As much as I love to write about how Trump lied (or is still lying) about the "Comey tapes" I think a more important issue is how the GOP in the Senate plans to "fix" Obamacare.

From ConsumerReports, there's an analysis.  Under the headline there's this one sentence summary:
The Better Care Act would roll out more slowly than the House proposal, but funding cuts could be even more severe
And then they begin:
Republicans moved closer to their goal of replacing the Affordable Care Act Thursday, with Senate Republicans issuing a plan that significantly restricts access to Medicaid and eliminates billions of dollars in taxes for companies and higher-income people.

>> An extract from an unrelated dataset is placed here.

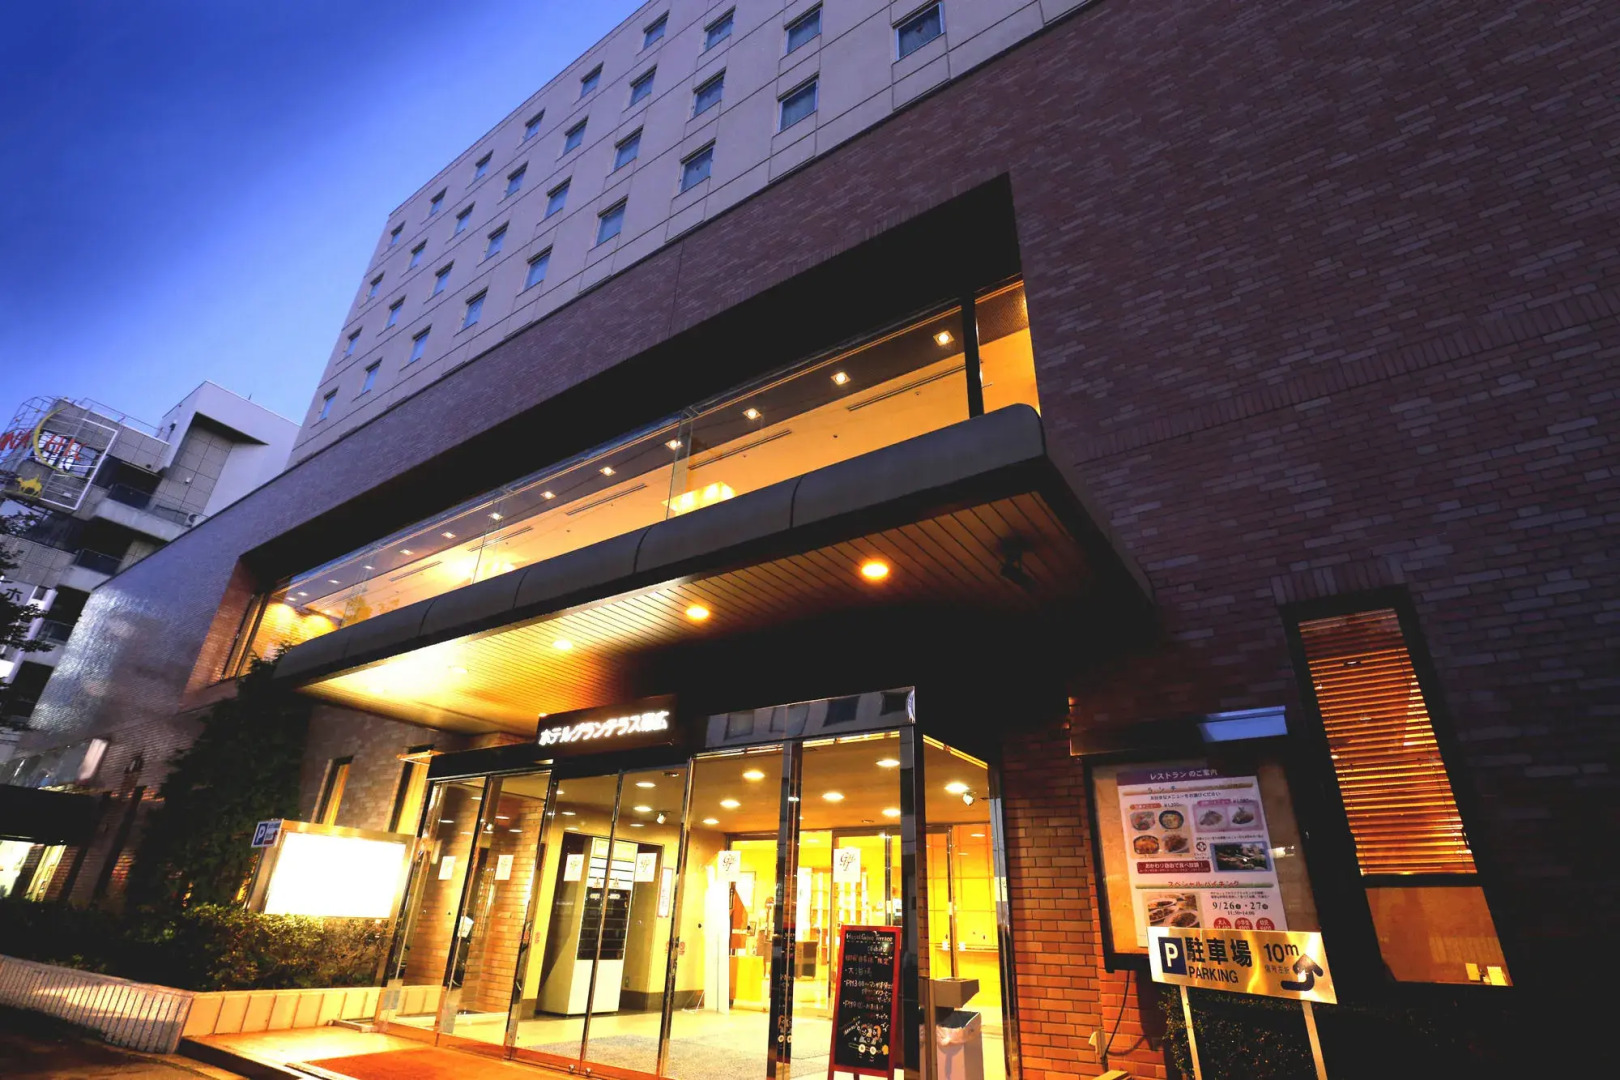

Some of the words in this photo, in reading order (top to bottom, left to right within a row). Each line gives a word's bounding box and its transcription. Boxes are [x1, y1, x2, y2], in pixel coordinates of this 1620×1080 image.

The plan was hatched in a matter of weeks by a small group of senators meeting in secret. In many key ways, it's similar to the American Health Care Act, passed by the House in May after several failed attempts.

Thursday’s legislation, dubbed the Better Care Reconciliation Act of 2017, gives the public—as well as senators who weren’t in on the discussions—the first detailed look at how the Senate proposes to amend the AHCA.
One of that "small group of senators" was Pennsylvania's own Pat Toomey. And yes, that's a pun, of sorts. He owns this. This is his work.  Back to what Toomey's work:
Medicaid expansion is phased out more slowly. Under the ACA, the Medicaid expansion brought health insurance to 14 million Americans who didn't previously qualify. The Senate pledges to continue to fund the expansion through 2021 and phase it out over three years. The House bill would have phased out and then stopped funding in 2020.

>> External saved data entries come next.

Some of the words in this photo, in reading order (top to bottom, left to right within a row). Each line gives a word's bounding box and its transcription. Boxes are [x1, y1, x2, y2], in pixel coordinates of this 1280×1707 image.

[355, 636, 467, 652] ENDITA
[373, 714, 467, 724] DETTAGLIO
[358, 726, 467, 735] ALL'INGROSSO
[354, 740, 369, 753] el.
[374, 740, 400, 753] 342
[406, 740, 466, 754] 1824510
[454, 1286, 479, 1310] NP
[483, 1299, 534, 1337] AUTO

But funding for Medicaid is cut more drastically. Beyond the expansion, both the House and Senate legislation make fundamental changes to how the federal government pays for Medicaid, changes that have nothing to do with ACA provisions. But the Senate proposal would make even deeper cuts than the House plan. It would shrink the annual growth rate in federal funding to state Medicaid programs to align with consumer inflation—not medical inflation, which grows faster. [Bolding in original.]
And then there's this from President Obama:
The Senate bill, unveiled today, is not a health care bill. It’s a massive transfer of wealth from middle-class and poor families to the richest people in America. It hands enormous tax cuts to the rich and to the drug and insurance industries, paid for by cutting health care for everybody else. Those with private insurance will experience higher premiums and higher deductibles, with lower tax credits to help working families cover the costs, even as their plans might no longer cover pregnancy, mental health care, or expensive prescriptions.
Cutting Medicaid. Tax cuts for the wealthy. Lotsa people will suffer while a few will have more money for a second luxury car.

It's mean and it's cruel and it came from the pen of Pennsylvania Senator Pat Toomey.

Thanks, Pat!  We'll remember this day.

June 22, 2017

The Latest On Trump's (Alleged) Obstruction Of Justice

From Politico:
In an interview with POLITICO Wednesday in his Capitol office, [Republican senator Chuck] Grassley was the most definitive yet that his committee’s probe will examine issues of obstruction of justice.

“I don’t want to say for sure. But I don’t know how you can avoid it,” Grassley said regarding questions of obstruction of justice in his investigation. “Because the FBI was investigating it before there was a special counsel.”

The Iowa senator, who took charge of the Judiciary panel two years ago, has been hammering out the parameters of an investigation with Sen. Dianne Feinstein (D-Calif.) on probing Comey’s dismissal, as well as potential political interference at the Justice Department under the Obama administration.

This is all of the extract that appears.